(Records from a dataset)
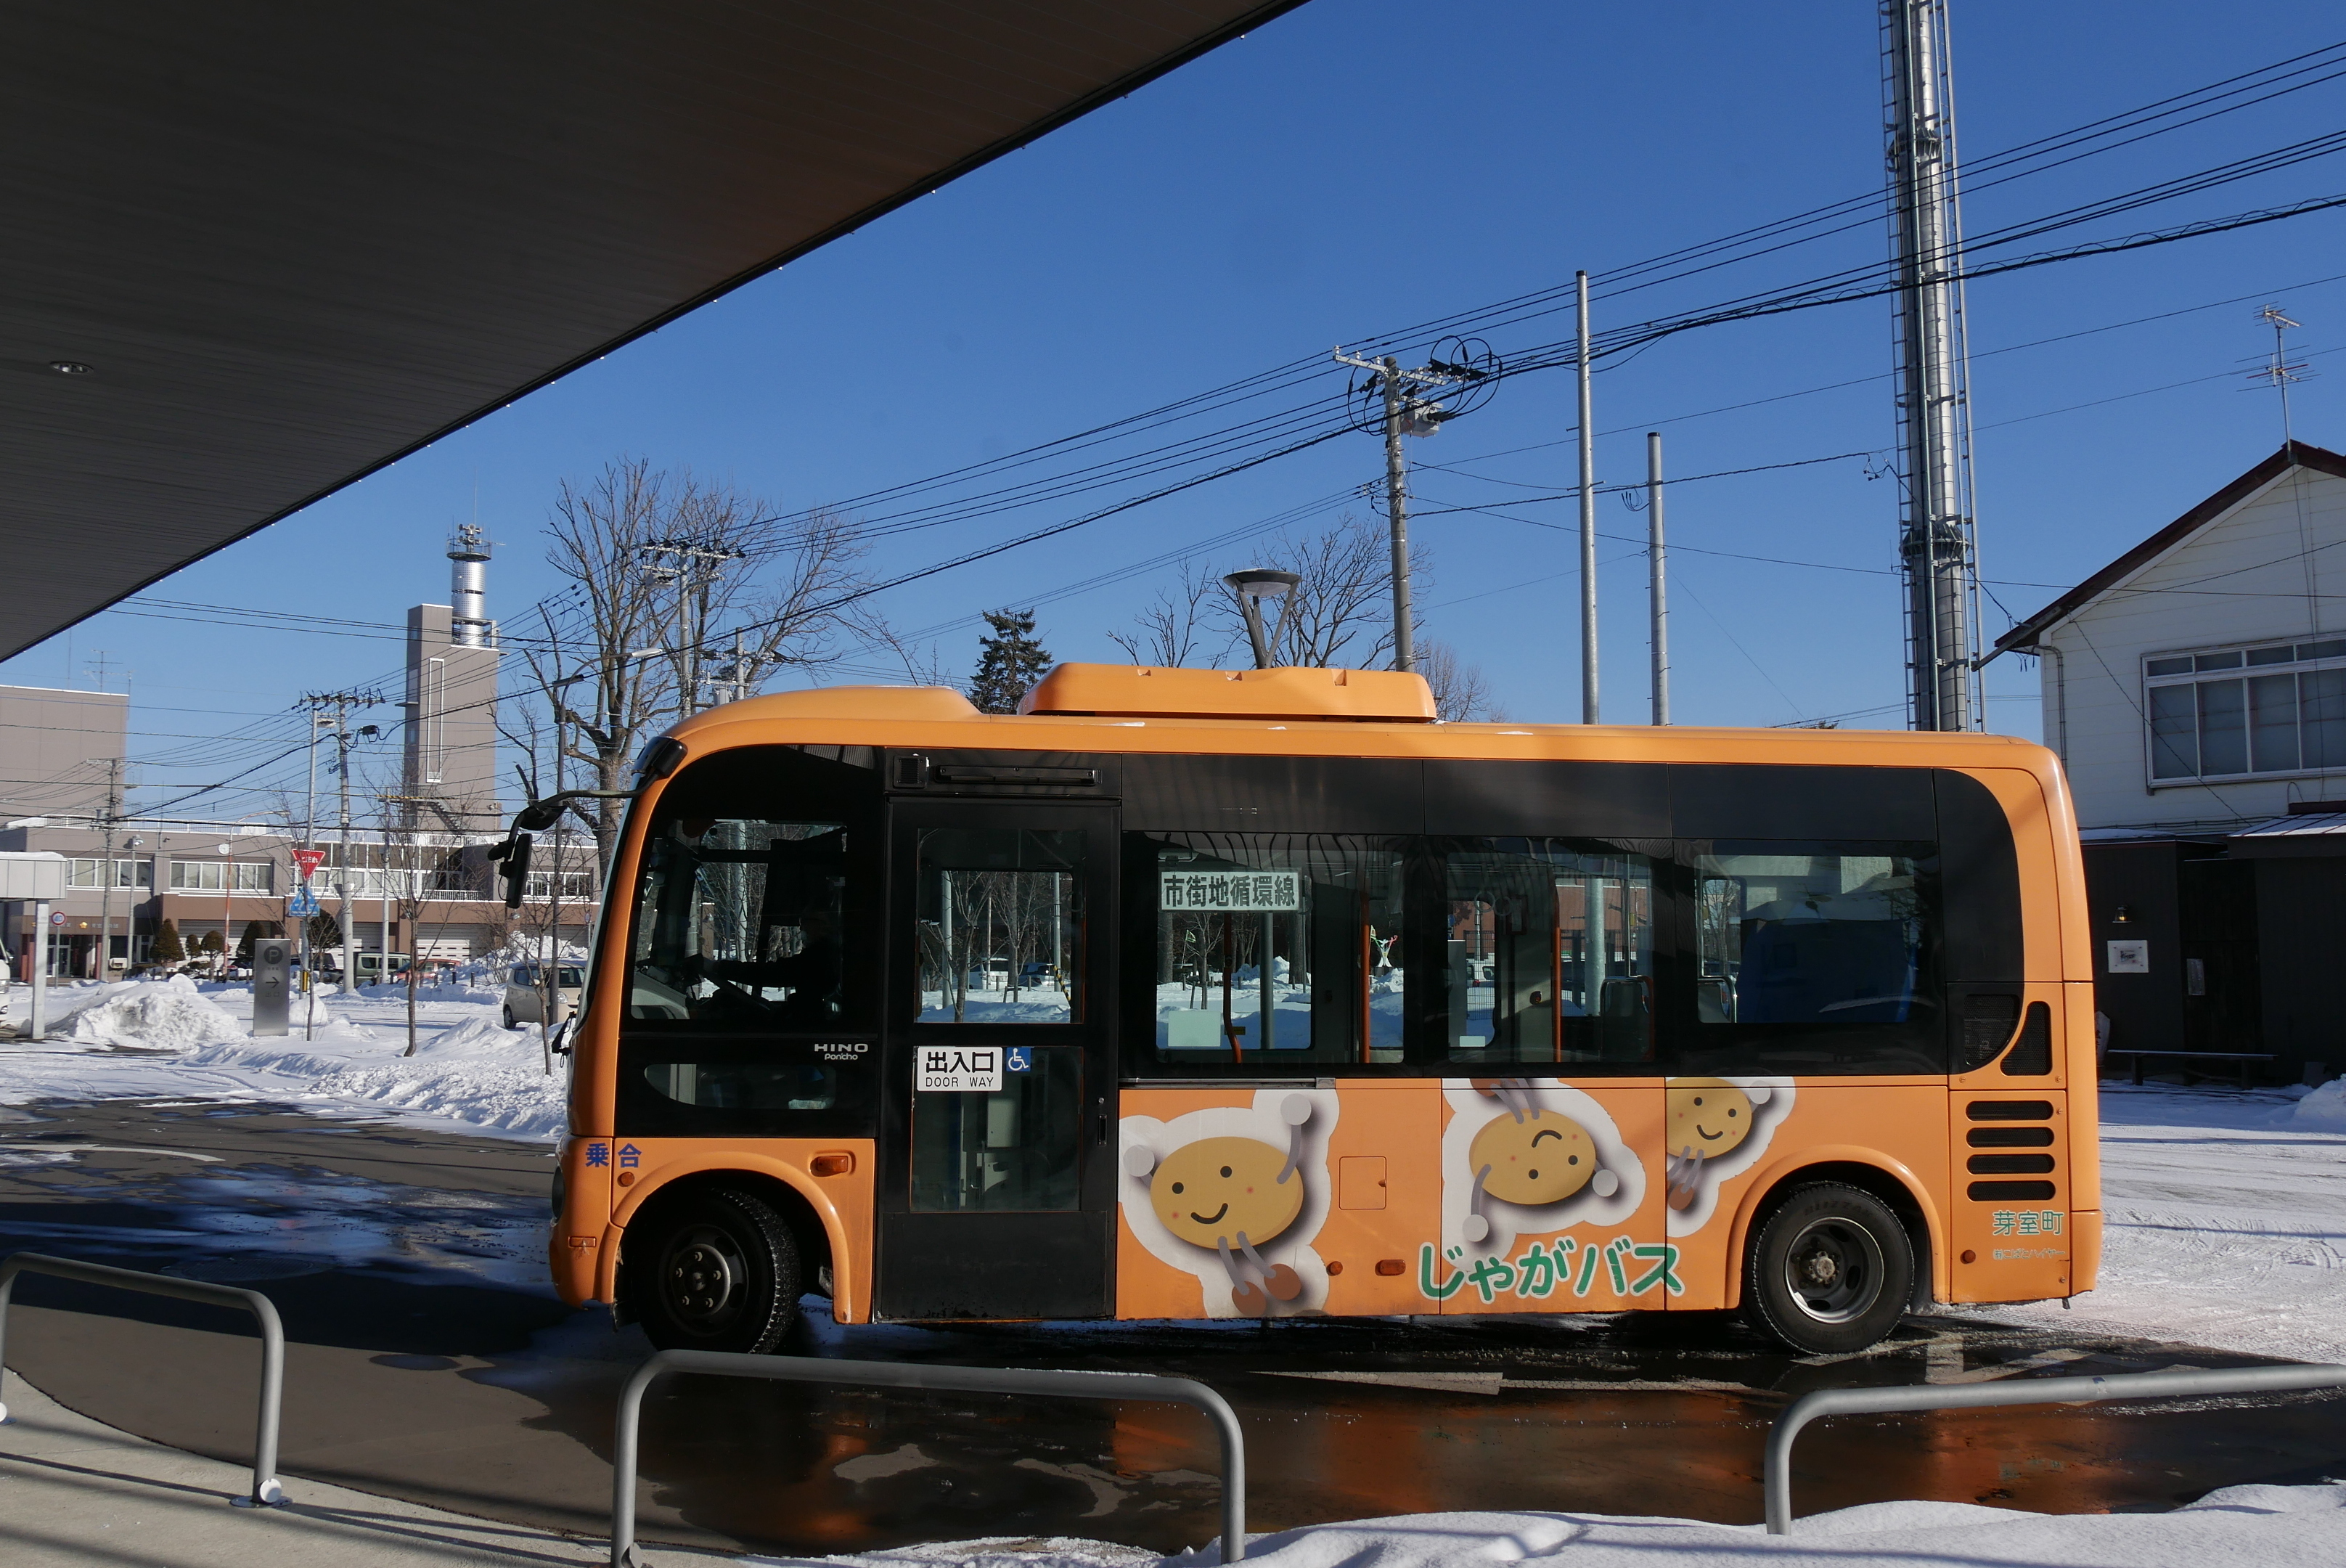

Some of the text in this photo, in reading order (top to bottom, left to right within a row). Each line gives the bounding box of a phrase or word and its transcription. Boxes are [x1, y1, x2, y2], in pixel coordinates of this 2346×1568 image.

[1164, 874, 1296, 907] 市街地循環線
[814, 1043, 869, 1053] HINO
[925, 1051, 994, 1074] 出入口
[925, 1077, 994, 1087] DOOR WAY
[585, 1143, 643, 1168] 乗合
[1993, 1209, 2065, 1236] 芽室町
[1418, 1235, 1685, 1304] じゃがバス
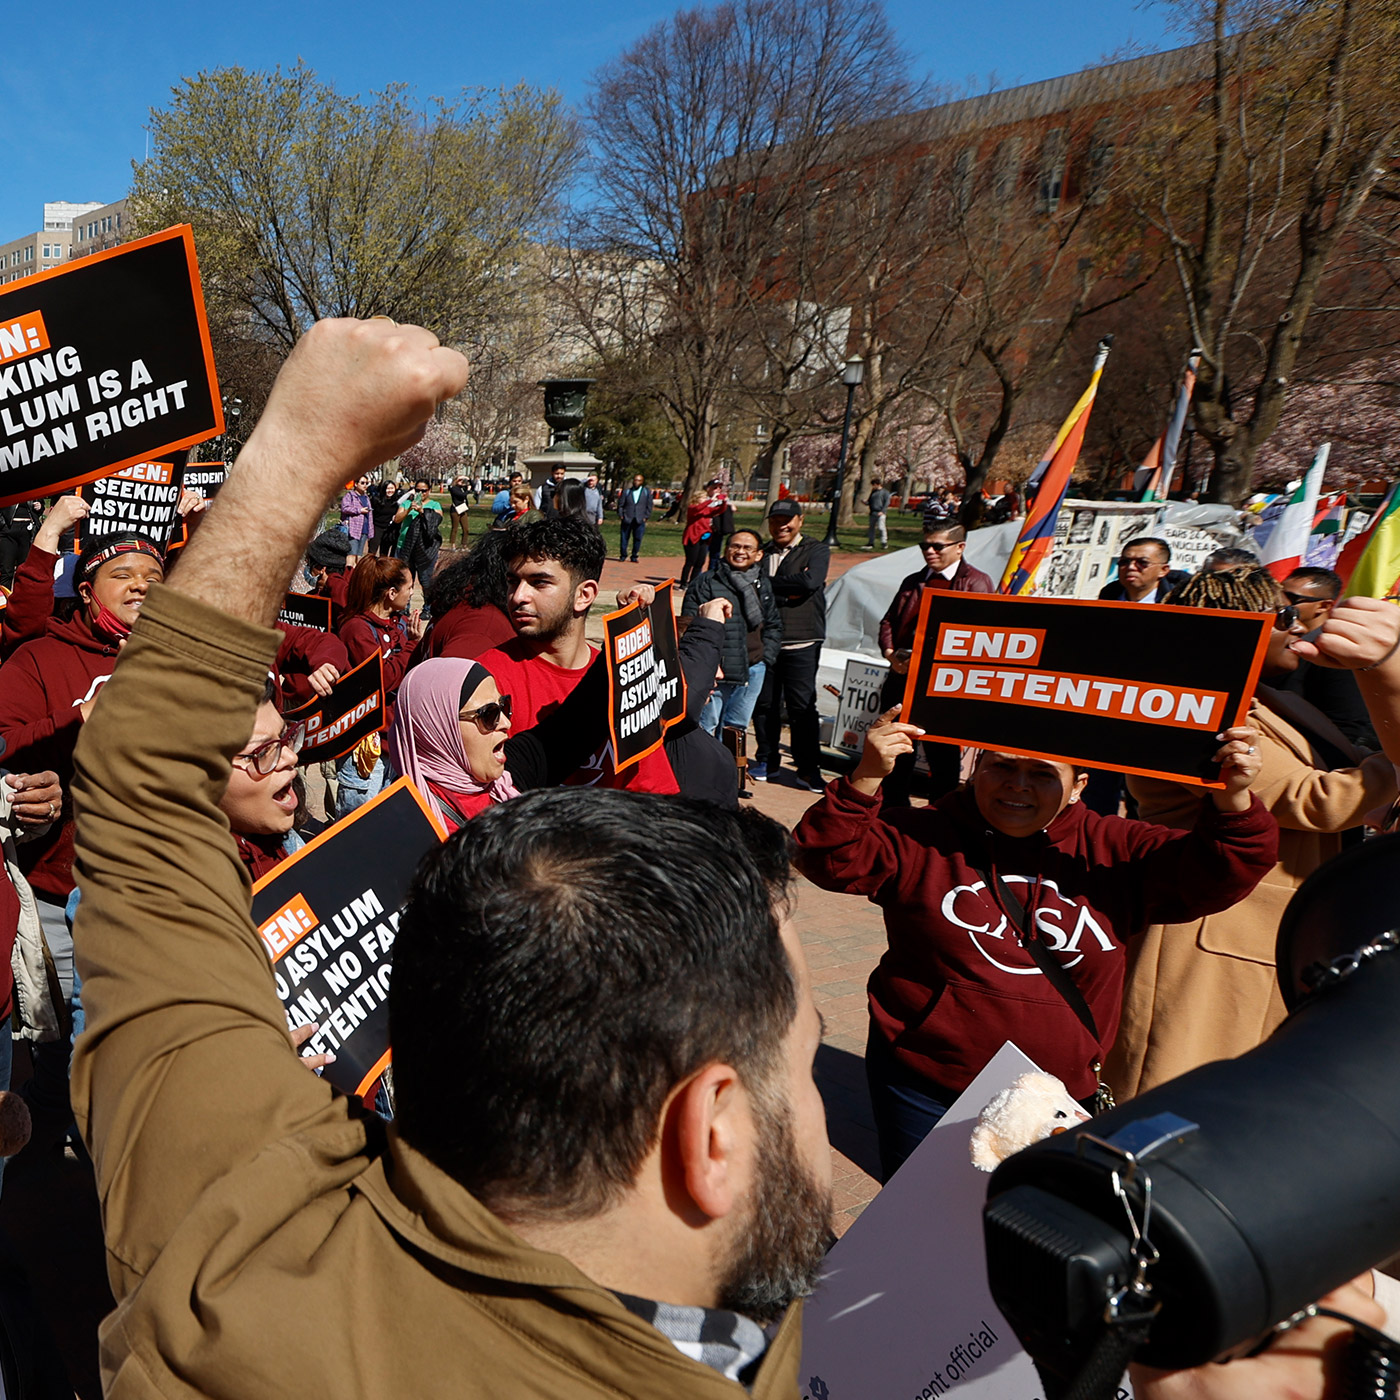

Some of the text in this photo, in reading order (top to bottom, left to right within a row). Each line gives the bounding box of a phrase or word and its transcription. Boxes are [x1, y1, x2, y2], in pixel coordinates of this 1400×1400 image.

[87, 368, 123, 406] IS
[130, 358, 154, 391] A
[85, 379, 189, 443] RIGHT
[89, 498, 172, 523] ASYLUM
[93, 477, 178, 503] SEEKING
[940, 629, 1038, 661] END
[848, 686, 883, 715] THO
[933, 667, 1216, 726] DETENTION
[284, 888, 385, 988] ASYLUM
[321, 950, 363, 997] NO
[358, 911, 401, 964] FA
[945, 1320, 999, 1381] official

What you are asked to do: Whenever a picture appears, leave it out, and return every record exactly.

Your response:
Some of the text in this photo, in reading order (top to bottom, left to right within a row). Each line gives the bounding box of a phrase or word and its transcription. Boxes are [x1, y1, x2, y2], in pixel coordinates of this 2346×1568 image.

[1164, 874, 1296, 907] 市街地循環線
[814, 1043, 869, 1053] HINO
[925, 1051, 994, 1074] 出入口
[925, 1077, 994, 1087] DOOR WAY
[585, 1143, 643, 1168] 乗合
[1993, 1209, 2065, 1236] 芽室町
[1418, 1235, 1685, 1304] じゃがバス

Some of the text in this photo, in reading order (top to bottom, left to right within a row). Each line gives the bounding box of a phrase or word and its transcription. Boxes are [x1, y1, x2, y2], in pixel coordinates of this 1400×1400 image.

[87, 368, 123, 406] IS
[130, 358, 154, 391] A
[85, 379, 189, 443] RIGHT
[89, 498, 172, 523] ASYLUM
[93, 477, 178, 503] SEEKING
[940, 629, 1038, 661] END
[848, 686, 883, 715] THO
[933, 667, 1216, 726] DETENTION
[284, 888, 385, 988] ASYLUM
[321, 950, 363, 997] NO
[358, 911, 401, 964] FA
[945, 1320, 999, 1381] official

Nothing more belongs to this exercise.